To do. Please reproduce the entries below exactly from the line holding "Some of the words" through the last line, both included, and omit any pictures.

Data for the task.
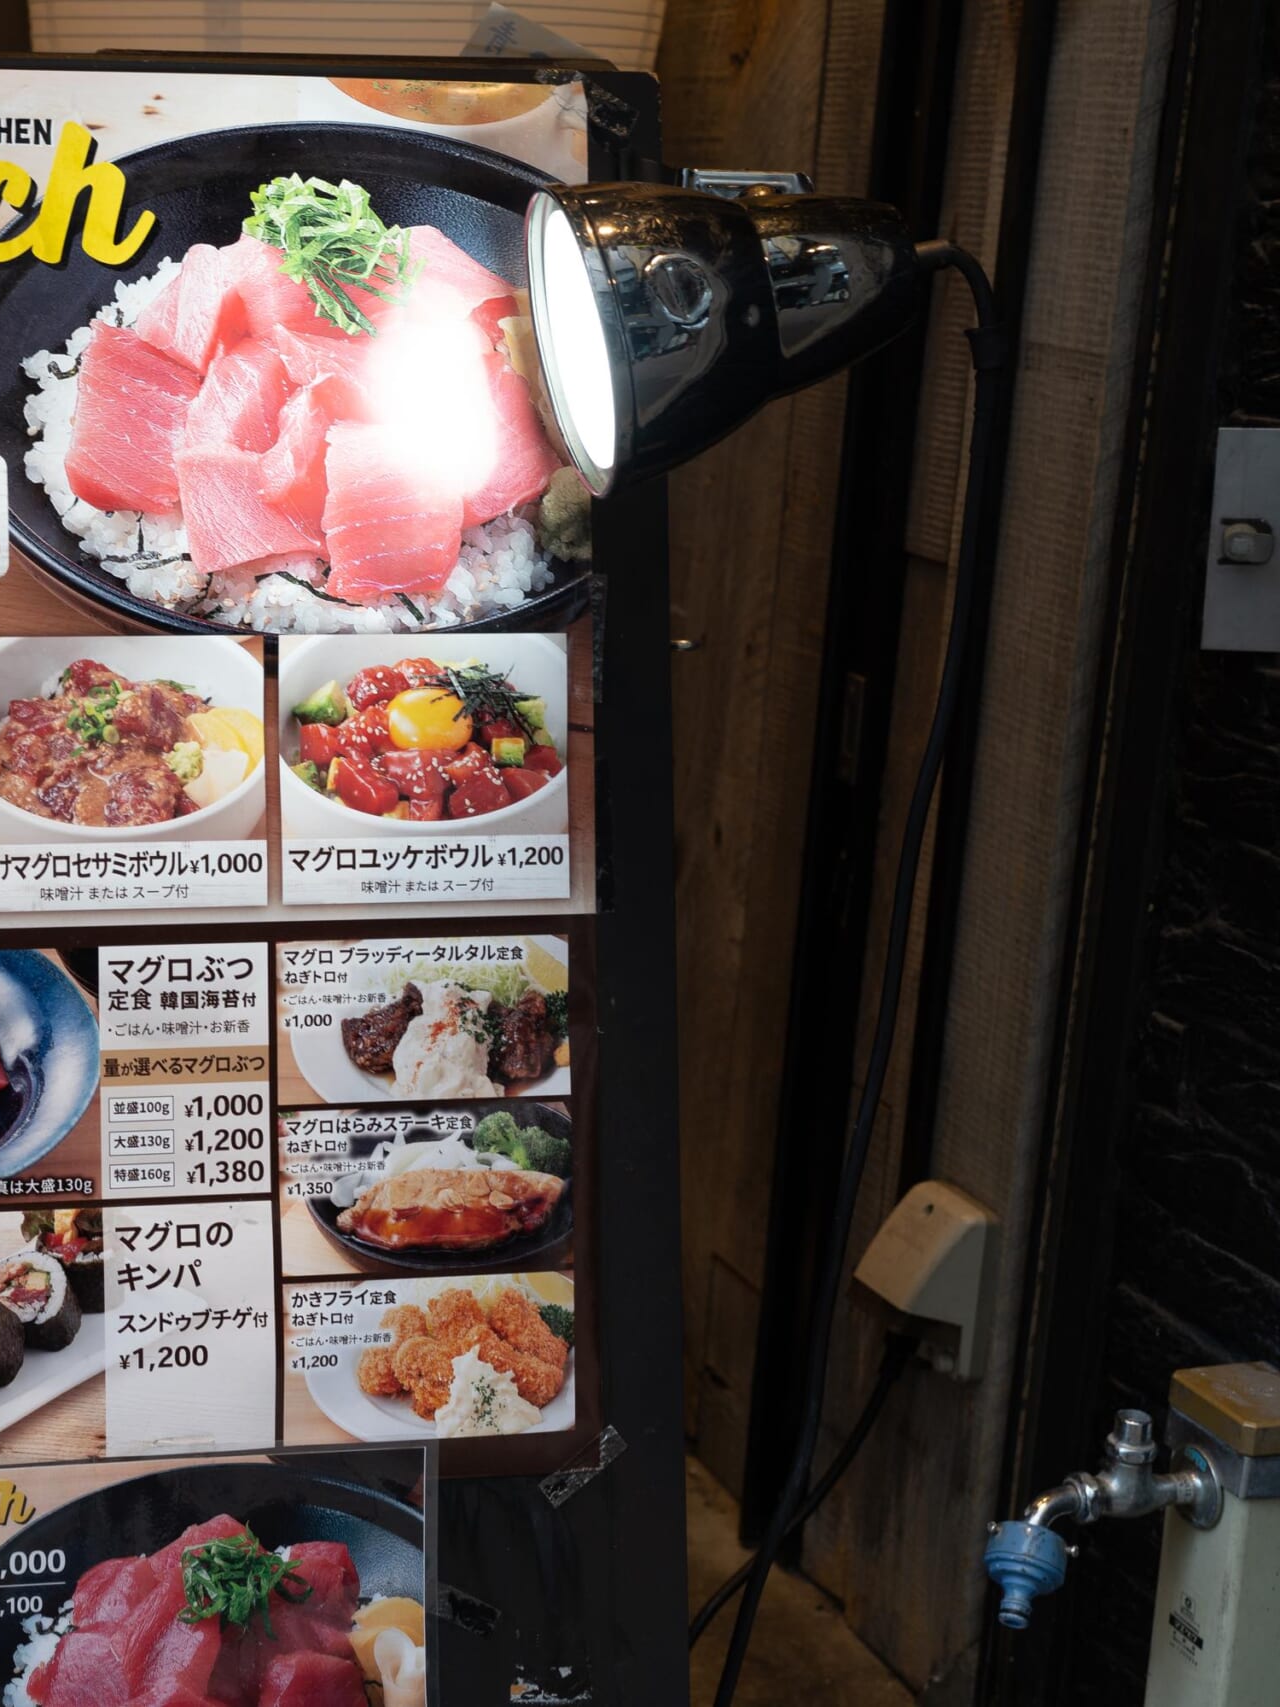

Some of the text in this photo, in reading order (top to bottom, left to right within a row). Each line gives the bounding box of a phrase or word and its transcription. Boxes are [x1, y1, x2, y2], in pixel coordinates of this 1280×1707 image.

[190, 853, 262, 878] ¥1,000
[289, 843, 563, 873] マグロユッケボウル ¥1,200
[40, 884, 189, 901] 味噌汁 または スープ付
[361, 878, 494, 894] 味噌汁 または スープ付
[284, 948, 333, 966] マグロ
[107, 955, 254, 985] マグロぶつ
[284, 970, 348, 985] ねぎトロ付
[108, 989, 257, 1011] 定食 韓国海苔付
[284, 1014, 333, 1029] ¥1,000
[103, 1055, 265, 1078] 量が選べるマグロぶつ
[113, 1094, 264, 1121] 並盛100g ¥1,000
[286, 1114, 473, 1136] マグロはらみステーキ定食
[114, 1128, 264, 1155] 大盛130g ¥1,200
[287, 1140, 348, 1154] ねぎトロ付
[114, 1160, 264, 1187] 特盛160g ¥1,380
[287, 1181, 333, 1197] ¥1,350
[114, 1221, 234, 1252] マグロの
[117, 1259, 202, 1292] キンパ
[291, 1289, 396, 1309] かきフライ定食
[118, 1307, 268, 1335] スンドゥブチゲ付
[292, 1312, 354, 1327] ねぎトロ付
[119, 1344, 208, 1371] ¥1,200
[292, 1354, 338, 1370] ¥1,200
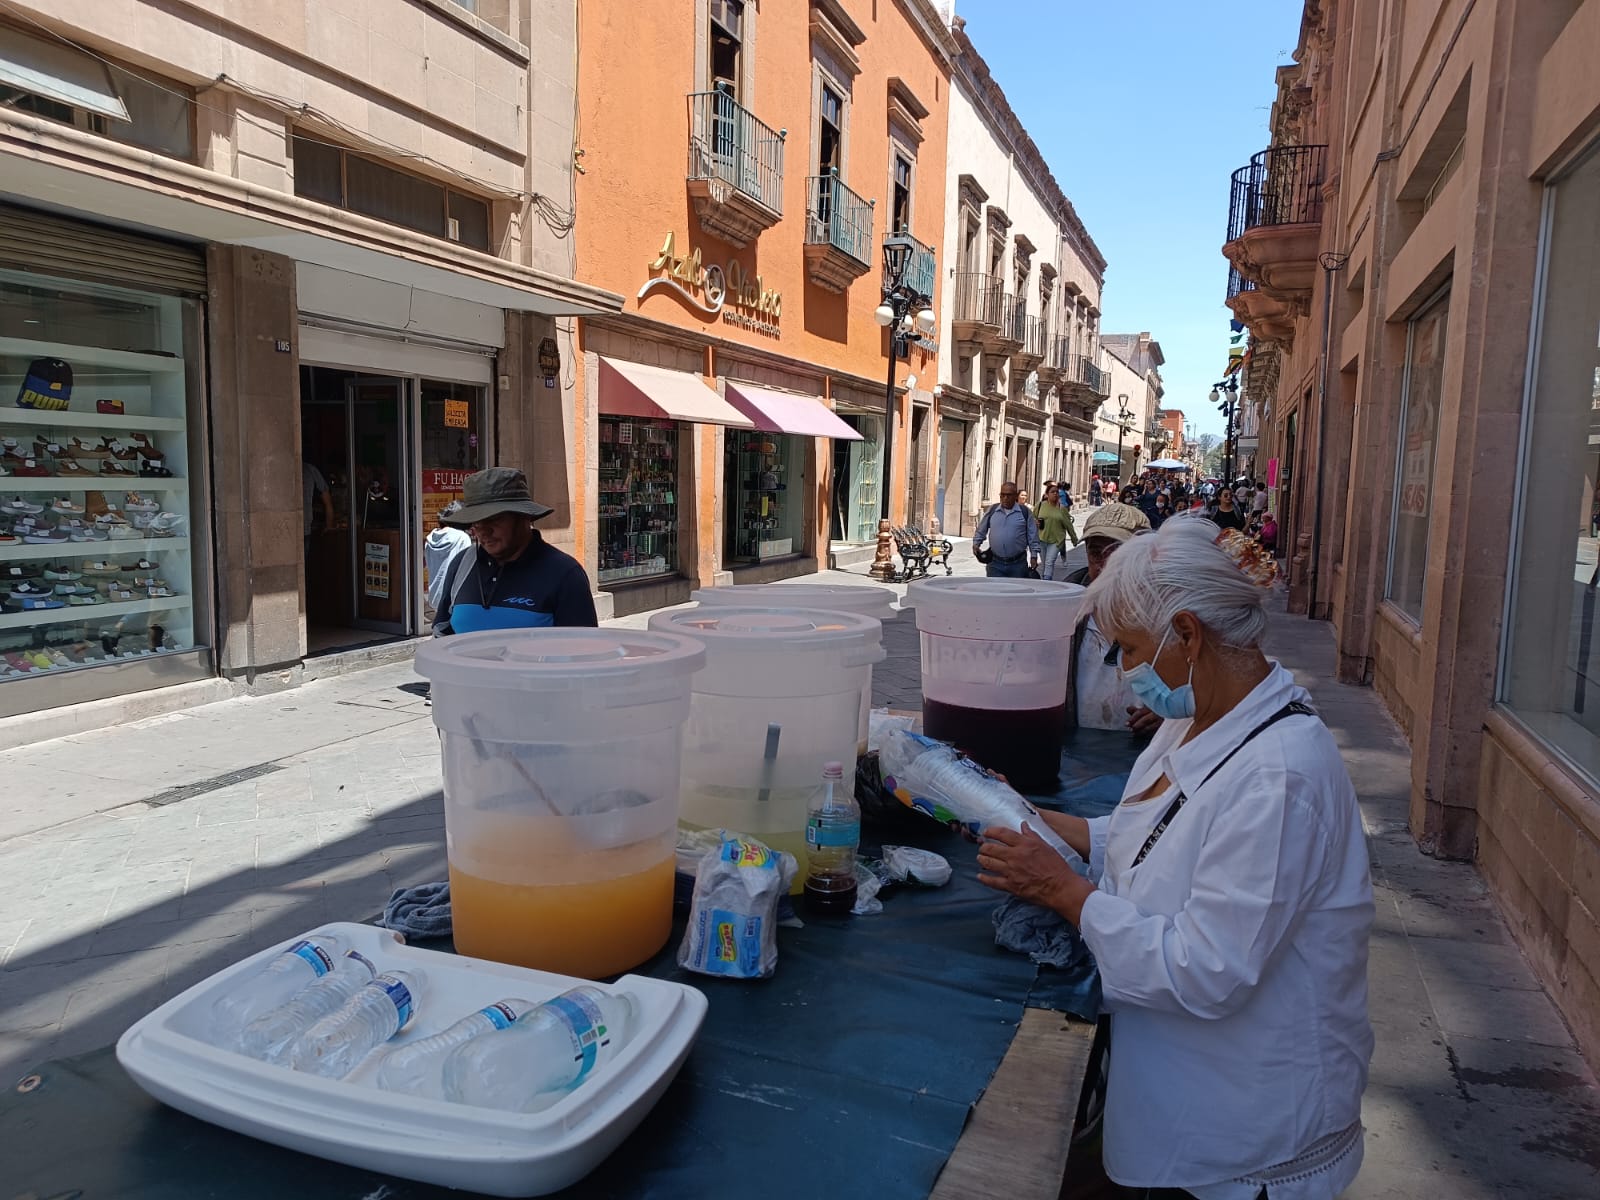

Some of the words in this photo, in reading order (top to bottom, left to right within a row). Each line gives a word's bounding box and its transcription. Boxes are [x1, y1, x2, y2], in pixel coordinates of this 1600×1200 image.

[277, 341, 290, 352] 105
[21, 389, 69, 410] PUMA
[434, 472, 448, 484] FU
[1137, 822, 1166, 863] BETTY
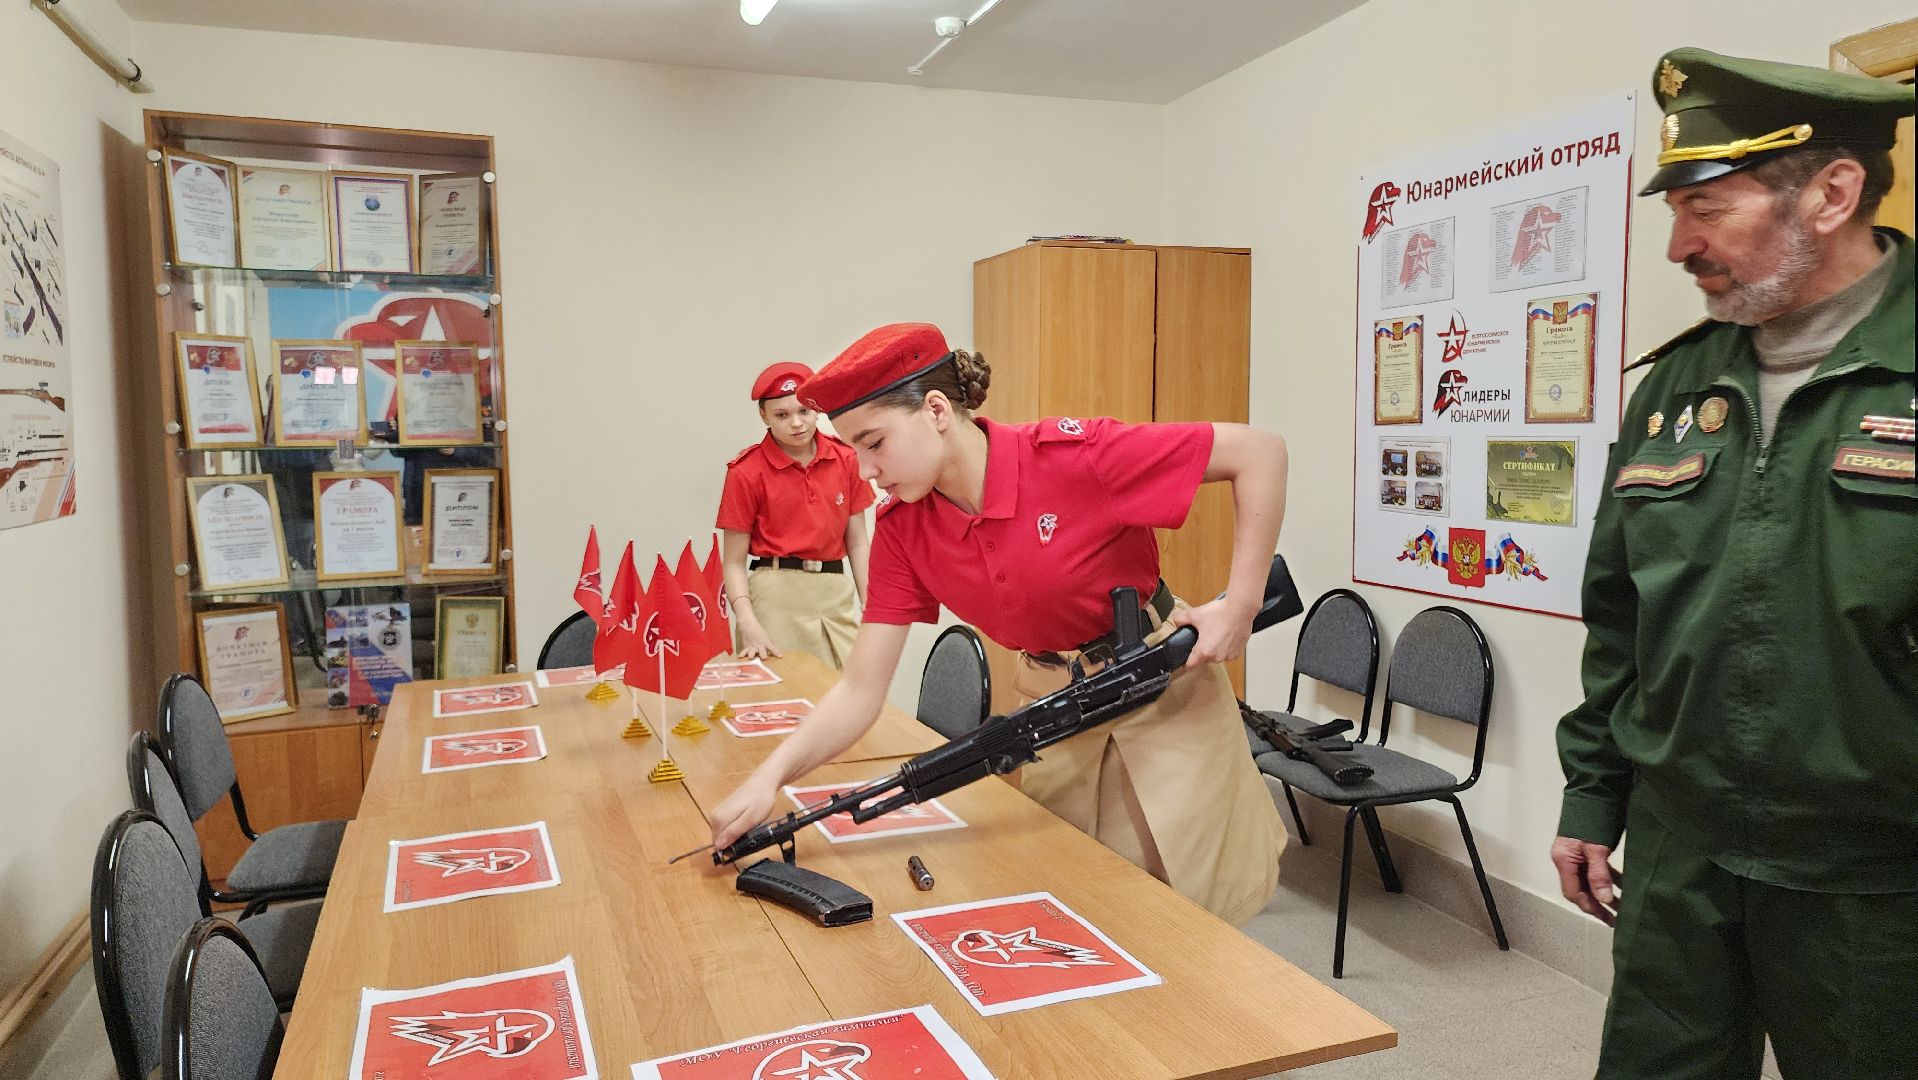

Worked solution.
Some of the words in this photo, in reading order (top to bottom, left to right within a row). Each line gives a word's bounding box and its transcription. Boxes are [x1, y1, x2, y2], in pixel coordinates of this 1600×1200 image.

[277, 341, 290, 352] 105
[21, 389, 69, 410] PUMA
[434, 472, 448, 484] FU
[1137, 822, 1166, 863] BETTY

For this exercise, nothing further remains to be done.